Provided material
********
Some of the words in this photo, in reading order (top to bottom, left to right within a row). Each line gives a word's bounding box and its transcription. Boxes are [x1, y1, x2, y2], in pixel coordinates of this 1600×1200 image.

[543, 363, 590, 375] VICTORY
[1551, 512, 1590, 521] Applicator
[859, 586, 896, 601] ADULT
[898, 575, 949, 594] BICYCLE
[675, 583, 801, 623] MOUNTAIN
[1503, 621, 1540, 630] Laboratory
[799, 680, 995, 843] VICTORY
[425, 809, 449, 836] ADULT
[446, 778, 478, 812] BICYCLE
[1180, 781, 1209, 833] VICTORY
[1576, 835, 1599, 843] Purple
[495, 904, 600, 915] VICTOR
********
Instructions for the task
Could you reproduce all the records exactly?

Answer box
Some of the words in this photo, in reading order (top to bottom, left to right within a row). Each line gives a word's bounding box and its transcription. Boxes are [x1, y1, x2, y2], in pixel coordinates of this 1600×1200 image.

[543, 363, 590, 375] VICTORY
[1551, 512, 1590, 521] Applicator
[859, 586, 896, 601] ADULT
[898, 575, 949, 594] BICYCLE
[675, 583, 801, 623] MOUNTAIN
[1503, 621, 1540, 630] Laboratory
[799, 680, 995, 843] VICTORY
[425, 809, 449, 836] ADULT
[446, 778, 478, 812] BICYCLE
[1180, 781, 1209, 833] VICTORY
[1576, 835, 1599, 843] Purple
[495, 904, 600, 915] VICTOR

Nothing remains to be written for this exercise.